Keywords: hepatocarcinogenesis, meta-analysis, coffee, antioxidant
According to the statistics released by the World Health Organization, liver cancer currently occupies the fifth most common cancer in male and the seventh in female population. The incidence and mortality of liver cancer significantly vary with geographic region and sex. For instance, the incidence among male population in eastern Asia has reached 35.5 per 100,000 and the corresponding figure was only 12.6 among their counterparts. On the contrary, the more developed regions in worldwide range maintain a low incidence of liver cancer, and the incidence of males was down to 8.2 per 100,000 and 2.7 per 100,000 among females.1 Due to its high mortality, it is now qualified as the third common cause of death from cancer globally and also has become a major contributor of the world’s burden of disease, especially in the less developed regions with vulnerable health care service.

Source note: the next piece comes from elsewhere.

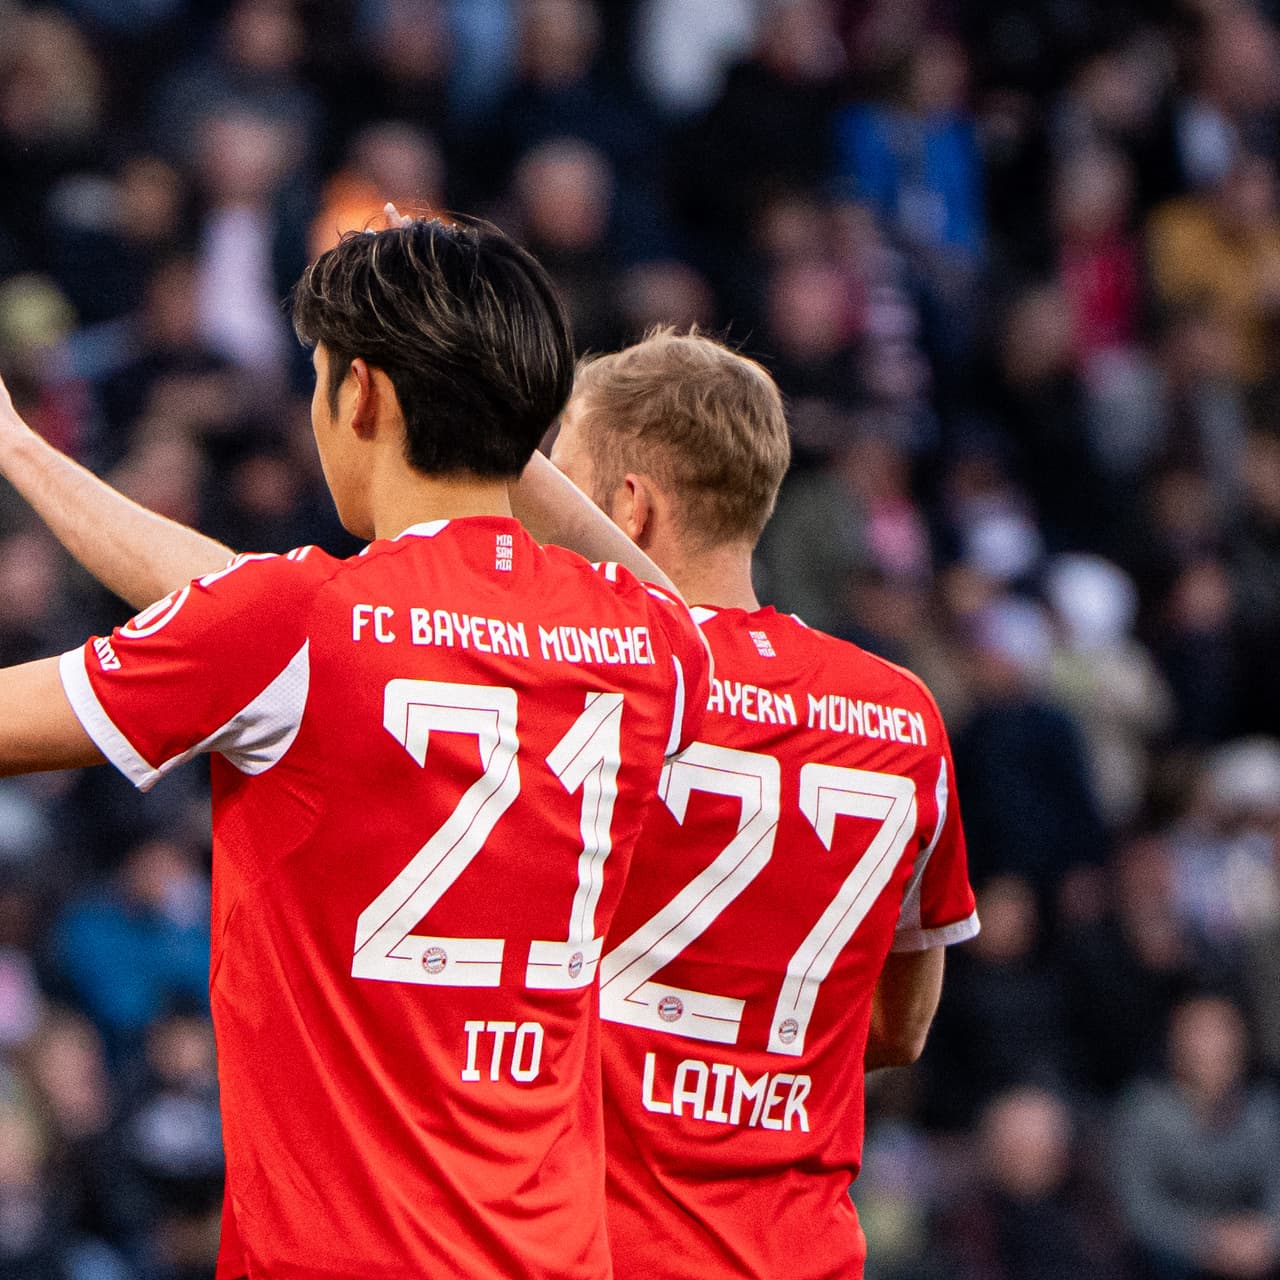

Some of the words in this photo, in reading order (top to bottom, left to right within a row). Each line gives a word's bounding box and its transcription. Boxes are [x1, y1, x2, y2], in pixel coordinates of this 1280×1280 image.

It is generally acknowledged that chronic hepatitis B virus infection is the major risk factor for primary liver cancer and the prevalence of it can largely reflect the occurrence of cancer.2 To be more accurate, hepatitis B virus infection may be responsible for ~60% of liver cancer cases in less developed regions and for ~23% in more developed regions.3 Hepatocellular carcinoma (HCC) accounts for ~70% to 85% of all liver cancer diagnosed worldwide.4 Other factors, such as hepatitis C virus infection and aflatoxin B1,5 have also been related with the development of liver cancer in parts of Africa and Asia, and solid evidence has been acquired.6 Unlike the aforementioned regions, in some Western countries with low incidence, alcohol-related cirrhosis and possibly nonalcoholic fatty liver disease, associated with obesity, are considered to account for the majority of liver cancer.7 Despite the diversity of risk factors involved with the development of liver cancer, hepatitis B vaccination has now become the most effective and economic prevention against liver cancer. After the immunization program, remarkable, long-lasting protection against carriage and reduction of HCC rates in adolescent and young adults was observed in multiple study areas.8 Besides, the regular application of antiviral therapy is also capable of lowering the risk of disease among patients with chronic infection, and the protective effect has been observed among Japanese population.9 More importantly, growing evidence demonstrated that coffee consumption is inversely related with the risk of HCC. It is suggested that caffeine maintains a strong antioxidative activity.10 With this property, coffee intake may lead to the inhibition of cell proliferation of liver cancer cells;11 also, some compounds contained in coffee can reduce the genotoxicity of aflatoxin B1 in vitro12 and lower the damage caused by some carcinogens, such as N-nitrosodimethylamine and 2-amino-1-methyl-6-phenylimidazopyridine.13 Several epidemiological studies have been conducted in multiple regions previously;14,15 in order to elucidate further the protective effect that coffee consumption renders, we performed this meta-analysis with an exclusive focus on evidence from epidemiological studies of coffee intake and HCC risk.
Materials and methods
We performed a literature search using the PubMed database from inception to August 2015 to acquire a comprehensive list of publications containing risk estimates describing the association between coffee consumption and HCC. The following search terms were used: 1) coffee consumption or coffee intake; 2) liver cancer or hepatocellular carcinoma; 3) case–control study; and 4) cohort study or prospective study. In order to detect all possible related publications, no language limitation was applied to the search. In addition, all references cited in these included publications were reviewed to identify additional published articles not shown in PubMed.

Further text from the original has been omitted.